CAST: Hannah Rae, Devrim Lingnau, Jessica Raine, Tobias Menzies, Greg Wise, Daniel Tuite, Lorna Gayle



BASICALLY…: An isolated young woman (Rae) becomes fascinated with the mysterious Carmilla (Lingnau) when they strike up a passionate friendship…


Sheridan Le Fanu’s classic vampire romance tale Carmilla is considered a classic of gothic storytelling within certain circles, with its striking portrayal of a female friendship drowned in supernatural overtones, and has gone on to inspire numerous modern tales of vampires and forbidden love, among them – indeed – Stephanie Meyer’s Twilight series. In fact, author Bram Stoker is said to have been heavily inspired by Le Fanu’s story to create his own vampire tale, that of course being the classic Dracula.
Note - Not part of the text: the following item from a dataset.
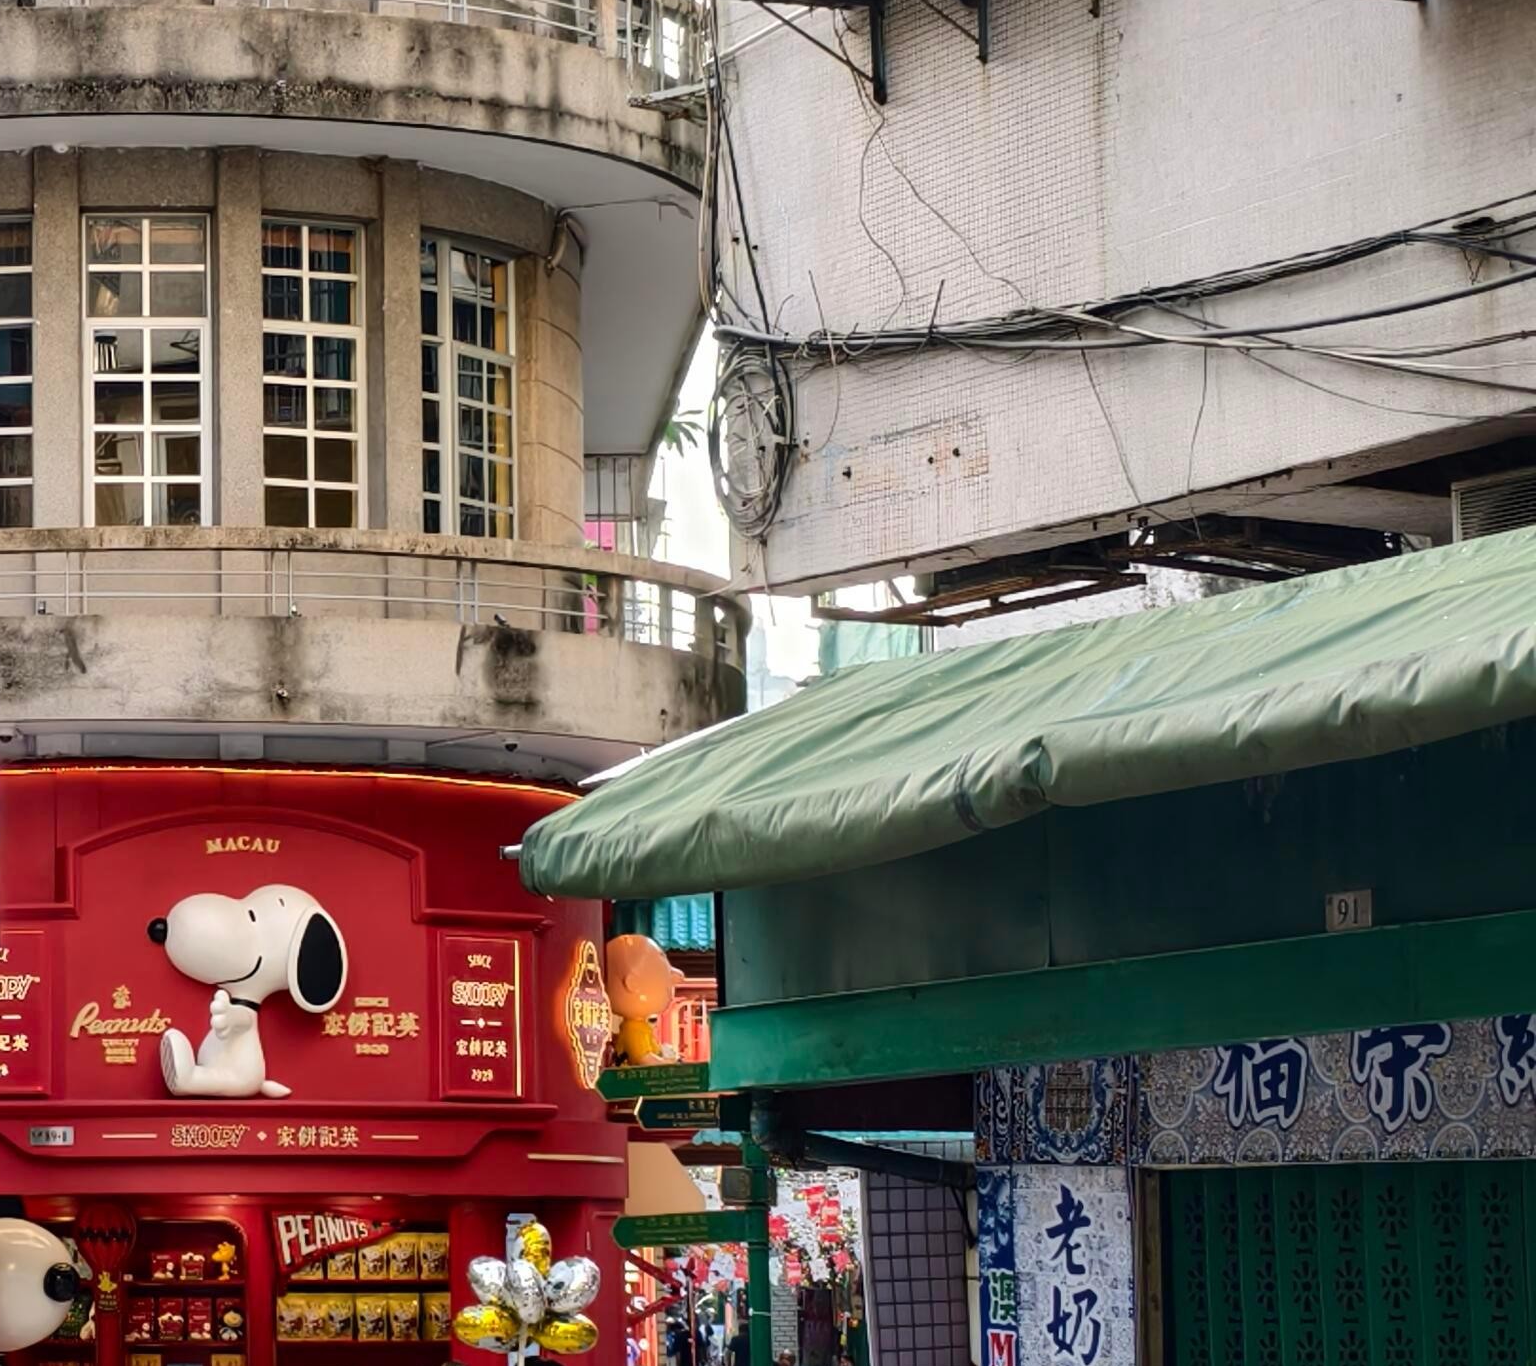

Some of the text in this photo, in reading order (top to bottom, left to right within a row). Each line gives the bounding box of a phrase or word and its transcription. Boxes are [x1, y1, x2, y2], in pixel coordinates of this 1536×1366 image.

However, Le Fanu’s story itself is in need of a post-modern reworking, something which writer-director Emily Harris is all too keen to do by stripping away any hints of other-worldly beings and laying bare a much more queer subtext – but the resulting film feels all too empty, and lacks a certain bite (ahem) that an aged story like this truly needed.

Harris transplants the setting from Austria to the English countryside, where a young woman named Lara (Hannah Rae) lives in isolation under the fierce watch of her strict governess Miss Fontaine (Jessica Raine). Desperate for companionship, Lara soon gets her wish when a nearby carriage accident brings a striking young woman named Carmilla (Devrim Lingnau) onto the premises, and despite Miss Fontaine’s attempts to separate the two girls, they soon form a special bond which slowly grows into something much more passionate, bringing about the wrath of a paranoid Miss Fontaine.
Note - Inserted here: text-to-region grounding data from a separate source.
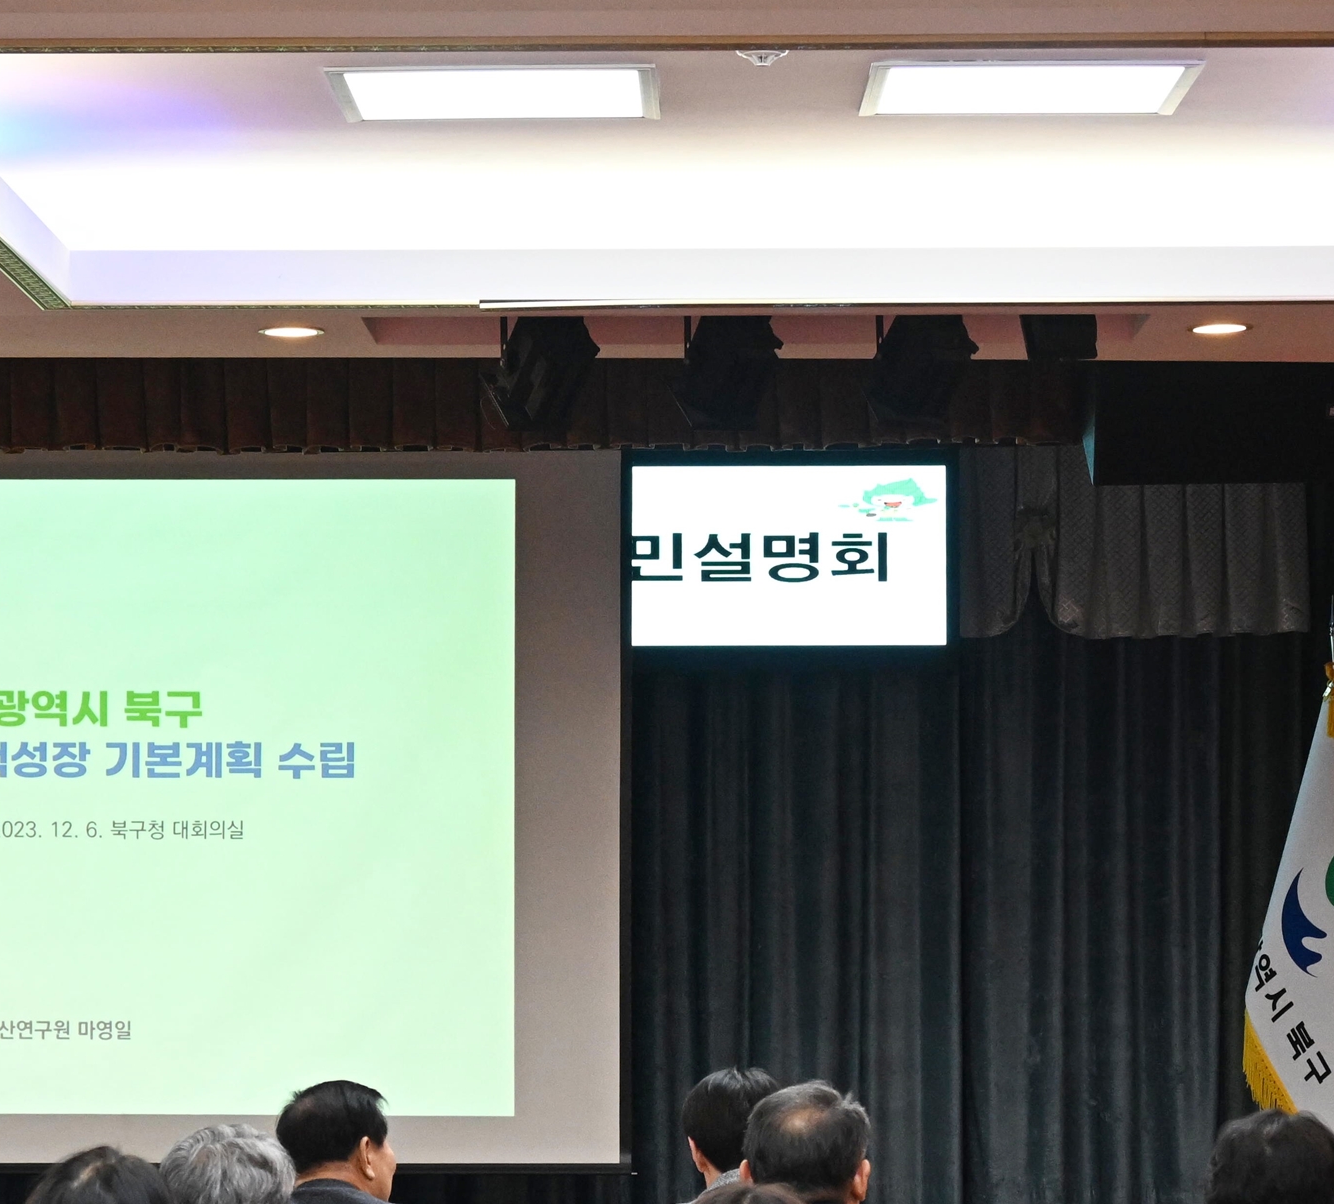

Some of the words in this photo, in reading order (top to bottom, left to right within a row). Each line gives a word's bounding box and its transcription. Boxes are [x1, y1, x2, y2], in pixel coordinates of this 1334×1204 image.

[632, 531, 888, 583] 민설명회
[123, 690, 203, 729] 북구
[105, 740, 262, 779] 기본계획
[277, 741, 355, 780] 수립
[51, 820, 79, 839] 12.
[85, 820, 103, 839] 6.
[110, 819, 165, 841] 북구청
[172, 819, 244, 840] 대회의실
[77, 1020, 132, 1041] 마영일
[1255, 941, 1295, 1023] 역시
[1286, 1020, 1332, 1084] 북구
Having now seen two new adaptations of classic gothic literature in the span of a couple of days – the other being Ben Wheatley’s take on Rebecca – it’s odd because while Carmilla is more ambitious than Rebecca is in regards to its radical remixing of certain plot threads and themes, it’s also a lot less satisfying as a whole. Harris is clearly working on a limited budget here, which seems to prevent her from taking full advantage of her vision for the classic tale, relegating most of the passion and the intrigue to things left unsaid. That would be fine if the writing elsewhere was strong enough, but as it turns out when you remove something as significant as vampirism, you’re left with something that’s immediately a lot less interesting other than its doubling down on the queer nature of the characters, and even then the chemistry between the two girls isn’t given much time to blossom as it probably should.
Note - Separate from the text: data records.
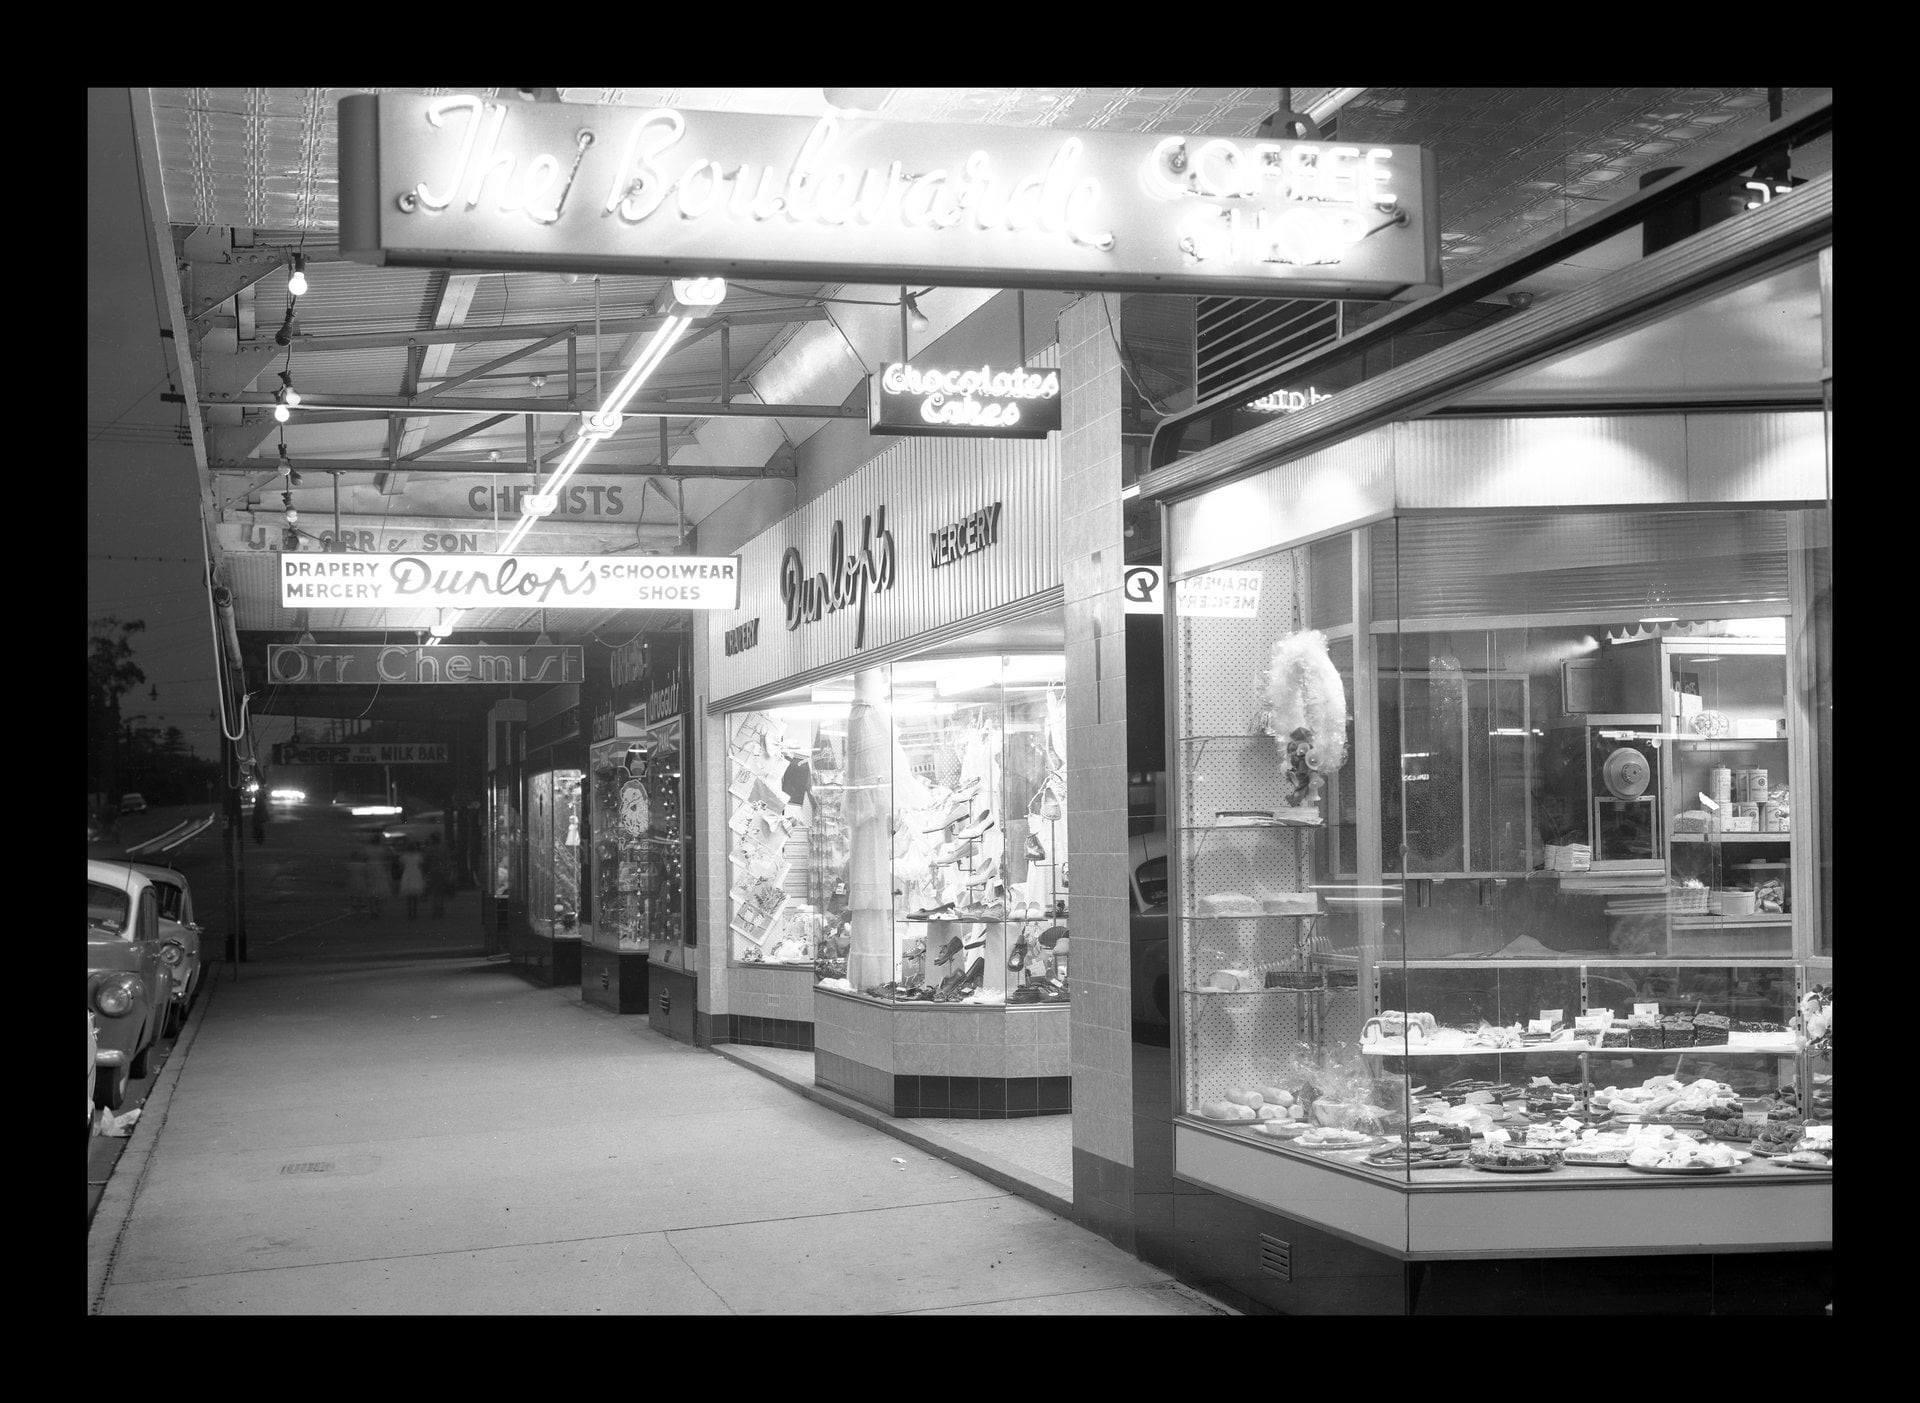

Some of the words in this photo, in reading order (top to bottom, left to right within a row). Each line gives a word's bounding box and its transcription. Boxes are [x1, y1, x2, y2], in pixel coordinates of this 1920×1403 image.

[416, 95, 560, 224] The
[1150, 136, 1398, 203] COFFEE
[1178, 204, 1369, 264] SHOP
[883, 363, 1059, 399] Chocolates
[920, 395, 1021, 427] Cakes
[388, 538, 408, 552] &
[423, 533, 478, 553] SON
[929, 502, 1001, 568] MERCERY
[285, 562, 380, 577] DRAPERY
[390, 557, 596, 602] Dunlop's
[601, 564, 734, 580] SCHOOLWEAR
[780, 504, 895, 650] Dunlop's
[286, 583, 383, 598] MERCERY
[639, 586, 700, 600] SHOES
[271, 645, 354, 682] Orr
[377, 645, 578, 682] Chemist
[381, 746, 414, 762] MILK
[418, 746, 446, 762] BAR
The film is largely made up of scenes which ultimately don’t go anywhere, with supporting characters who could have otherwise been written out of the movie altogether; for instance, The Crown star Tobias Menzies shows up as a doctor, but other than performing his professional duties there’s no real reason for him to be a character in this at all, other than for Jessica Raine to have someone to confide in and, in a moment that springs completely out of nowhere, have intimate relations with. It largely feels like padding to pass the time before it gets to its ultimately miserable conclusion, which makes nearly all of the film relatively pointless; it leaves you on such an unfulfilled and anti-climactic note that you wish there actually were vampires in this version, because then at least it would have made for a lot more entertaining climax than what we actually get.

The performances are fine, and every once in a while there is a moody shot that calls back to the original story’s gothic roots, but this version of Carmilla does nothing to make itself known amongst the plethora of modernised version of classic stories. Its experimental removal of all things supernatural may make it an interesting project for hardcore fans of the original source material, but it doesn’t make things any more compelling for audiences who might not even have heard of Le Fanu’s story; if anything, this film makes me interested in reading it only to see how much more chilling and interesting it is than this, which can’t be that far of a reach considering it’s a fairly low-energy bar to raise to begin with.

It’s not worth wasting your time over; there are far more compelling queer love stories out there to check out instead of this disappointing experiment on classic material.


Carmilla removes the supernatural elements of Sheridan Le Fanu’s classic gothic story to punishingly uninteresting effect, with an empty narrative failing to make the remaining queer angle as truly compelling as it should be.